- _TASK INSTRUCTIONS_:
Exactly as written, print each record in the listing.

------ RECORDED DATA

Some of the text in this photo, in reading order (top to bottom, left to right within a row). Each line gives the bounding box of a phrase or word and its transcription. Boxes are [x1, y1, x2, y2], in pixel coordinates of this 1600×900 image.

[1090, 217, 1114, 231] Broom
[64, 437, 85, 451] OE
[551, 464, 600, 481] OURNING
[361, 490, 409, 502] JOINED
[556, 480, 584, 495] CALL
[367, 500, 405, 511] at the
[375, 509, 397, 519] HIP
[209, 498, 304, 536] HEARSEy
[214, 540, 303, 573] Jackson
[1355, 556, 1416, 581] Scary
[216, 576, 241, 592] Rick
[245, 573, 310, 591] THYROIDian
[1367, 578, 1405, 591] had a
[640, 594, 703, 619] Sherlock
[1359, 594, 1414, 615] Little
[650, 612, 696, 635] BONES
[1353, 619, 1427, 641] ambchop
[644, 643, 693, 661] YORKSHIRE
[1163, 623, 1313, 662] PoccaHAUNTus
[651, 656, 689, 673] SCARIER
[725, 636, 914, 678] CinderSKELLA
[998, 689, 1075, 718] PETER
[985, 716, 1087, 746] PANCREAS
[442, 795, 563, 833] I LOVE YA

------------

- _OUTPUT FOR THIS EXERCISE_:
Some of the text in this photo, in reading order (top to bottom, left to right within a row). Each line gives the bounding box of a phrase or word and its transcription. Boxes are [x1, y1, x2, y2], in pixel coordinates of this 1600×900 image.

[1090, 217, 1114, 231] Broom
[64, 437, 85, 451] OE
[551, 464, 600, 481] OURNING
[361, 490, 409, 502] JOINED
[556, 480, 584, 495] CALL
[367, 500, 405, 511] at the
[375, 509, 397, 519] HIP
[209, 498, 304, 536] HEARSEy
[214, 540, 303, 573] Jackson
[1355, 556, 1416, 581] Scary
[216, 576, 241, 592] Rick
[245, 573, 310, 591] THYROIDian
[1367, 578, 1405, 591] had a
[640, 594, 703, 619] Sherlock
[1359, 594, 1414, 615] Little
[650, 612, 696, 635] BONES
[1353, 619, 1427, 641] ambchop
[644, 643, 693, 661] YORKSHIRE
[1163, 623, 1313, 662] PoccaHAUNTus
[651, 656, 689, 673] SCARIER
[725, 636, 914, 678] CinderSKELLA
[998, 689, 1075, 718] PETER
[985, 716, 1087, 746] PANCREAS
[442, 795, 563, 833] I LOVE YA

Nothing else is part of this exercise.